## GOAL OF THE EXERCISE:
Look for the line that contains "Some of the words"; output that line and every line after it exactly, through the final line of the material below, and nothing else.

*** Block opens ***

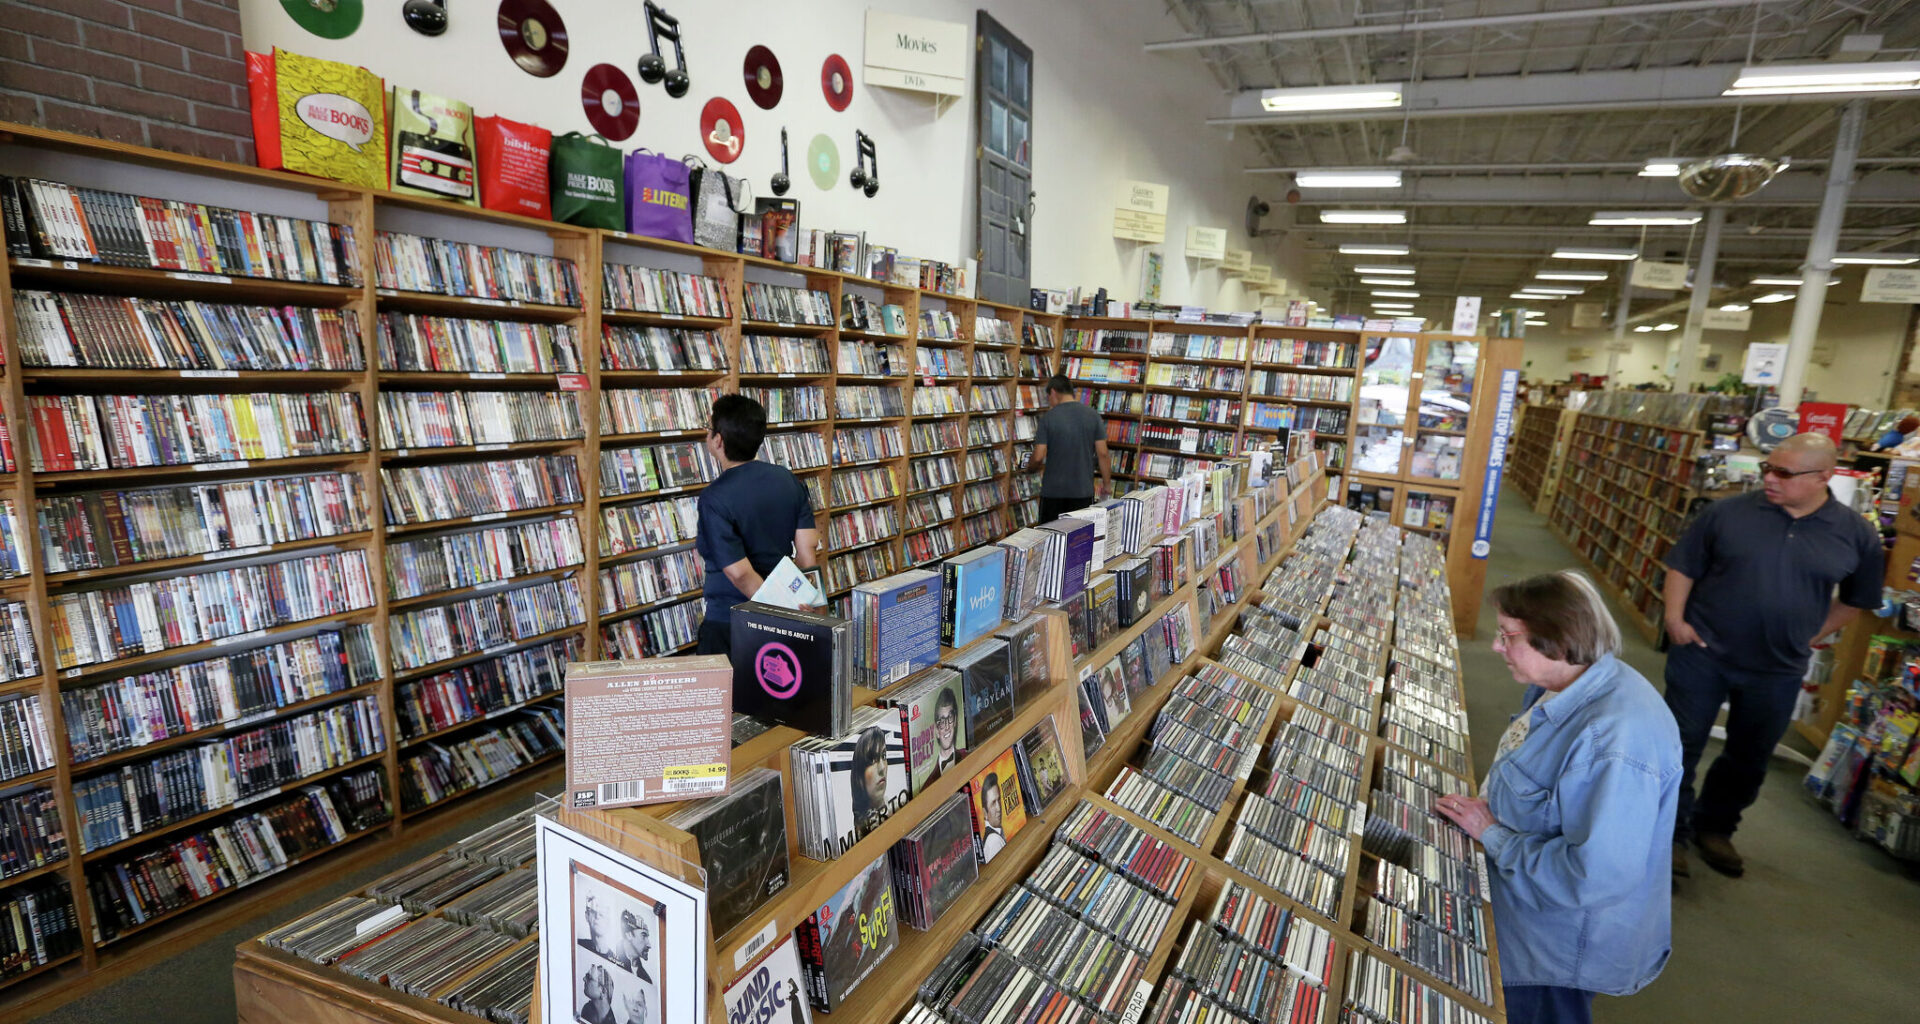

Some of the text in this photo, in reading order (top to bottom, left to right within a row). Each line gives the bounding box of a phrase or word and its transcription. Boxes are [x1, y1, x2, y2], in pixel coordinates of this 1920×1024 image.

[896, 32, 937, 54] Movies
[904, 74, 925, 87] DVDs
[330, 109, 369, 135] BOOKS
[567, 172, 586, 181] HALF
[587, 175, 615, 197] BOOKS
[1488, 370, 1518, 467] NEW TABLETOP GAMES
[1805, 412, 1838, 427] Greeting
[747, 621, 757, 629] THIS
[763, 625, 776, 633] WHAT
[793, 631, 810, 641] ABOUT
[643, 677, 697, 687] BROTHERS
[984, 685, 1012, 711] DYLAN
[912, 742, 935, 769] HOLLY
[575, 791, 593, 799] JSP
[1004, 791, 1020, 816] CASH
[858, 885, 894, 950] SURF!
[810, 928, 823, 966] SURF!
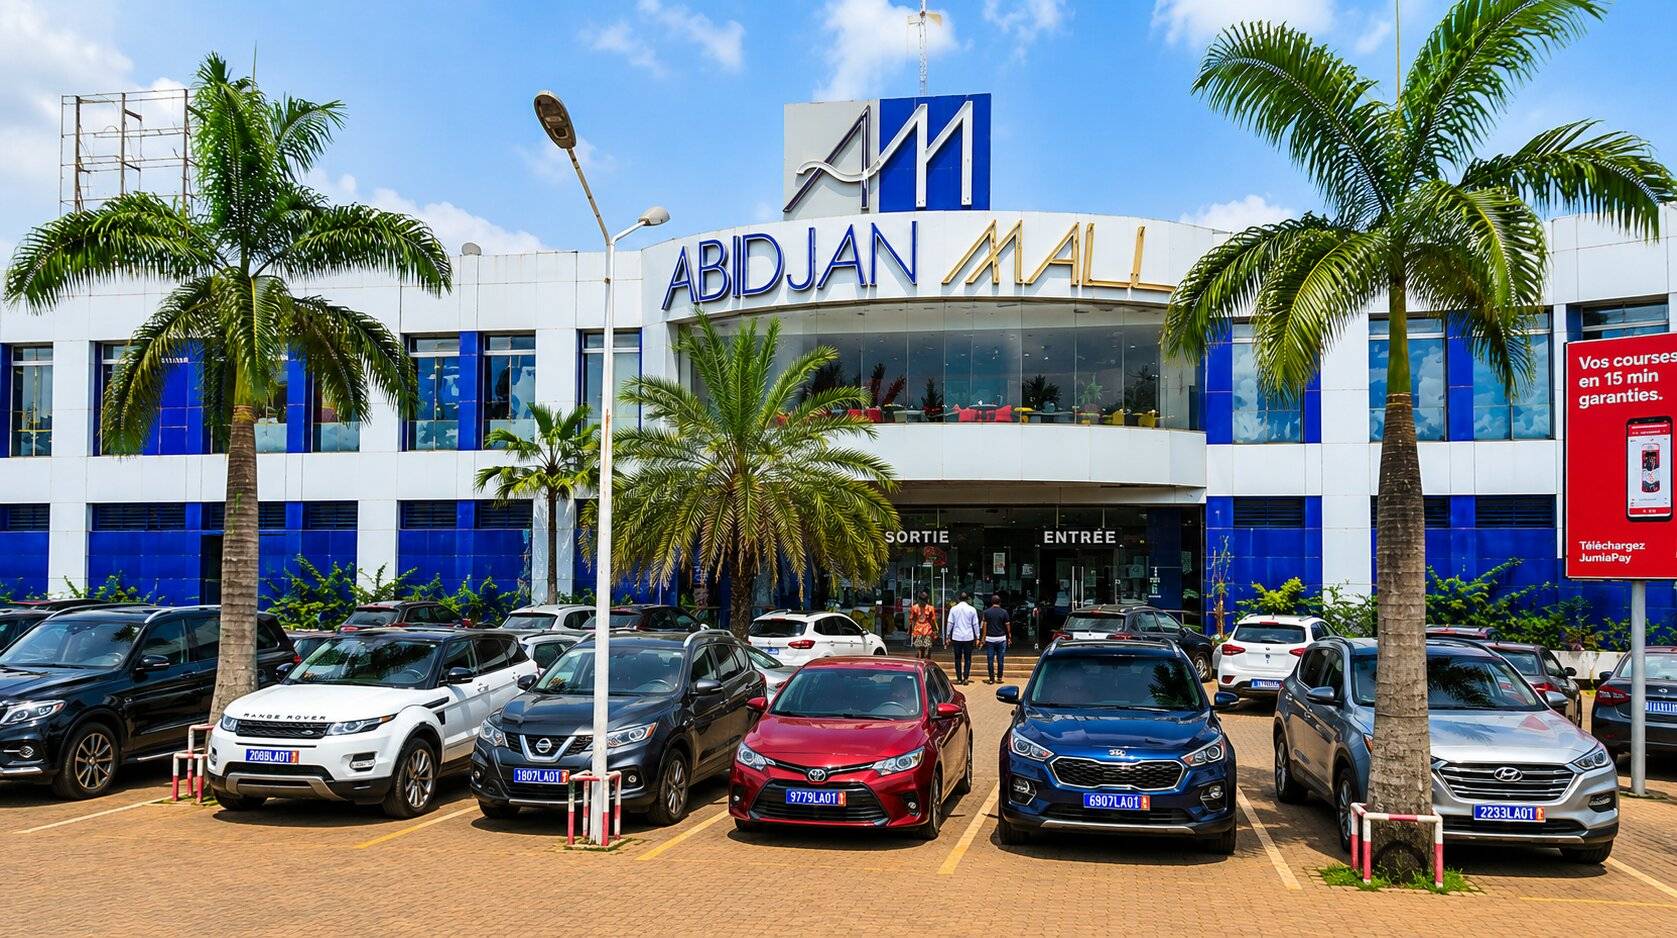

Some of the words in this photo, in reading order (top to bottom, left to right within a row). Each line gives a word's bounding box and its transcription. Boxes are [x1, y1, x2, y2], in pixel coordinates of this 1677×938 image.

[784, 103, 973, 213] AM
[661, 221, 918, 311] ABIDJAN
[941, 219, 1177, 292] MALL
[1579, 355, 1609, 370] Vos
[1613, 352, 1677, 367] courses
[1579, 376, 1599, 388] en
[1604, 371, 1623, 386] 15
[1627, 368, 1659, 384] min
[1579, 388, 1663, 409] garanties.
[885, 530, 949, 543] SORTIE
[1044, 528, 1117, 543] ENTRÉE
[1579, 541, 1645, 552] Téléchargez
[1579, 553, 1631, 564] JumiaPay
[517, 770, 560, 783] 1807LA01
[790, 791, 836, 805] 9779LA01
[1089, 795, 1139, 808] 6907LA01
[1480, 806, 1534, 819] 2233LA01

*** Block closes ***

## RESPONSE:
Some of the words in this photo, in reading order (top to bottom, left to right within a row). Each line gives a word's bounding box and its transcription. Boxes are [x1, y1, x2, y2], in pixel coordinates of this 1677×938 image.

[784, 103, 973, 213] AM
[661, 221, 918, 311] ABIDJAN
[941, 219, 1177, 292] MALL
[1579, 355, 1609, 370] Vos
[1613, 352, 1677, 367] courses
[1579, 376, 1599, 388] en
[1604, 371, 1623, 386] 15
[1627, 368, 1659, 384] min
[1579, 388, 1663, 409] garanties.
[885, 530, 949, 543] SORTIE
[1044, 528, 1117, 543] ENTRÉE
[1579, 541, 1645, 552] Téléchargez
[1579, 553, 1631, 564] JumiaPay
[517, 770, 560, 783] 1807LA01
[790, 791, 836, 805] 9779LA01
[1089, 795, 1139, 808] 6907LA01
[1480, 806, 1534, 819] 2233LA01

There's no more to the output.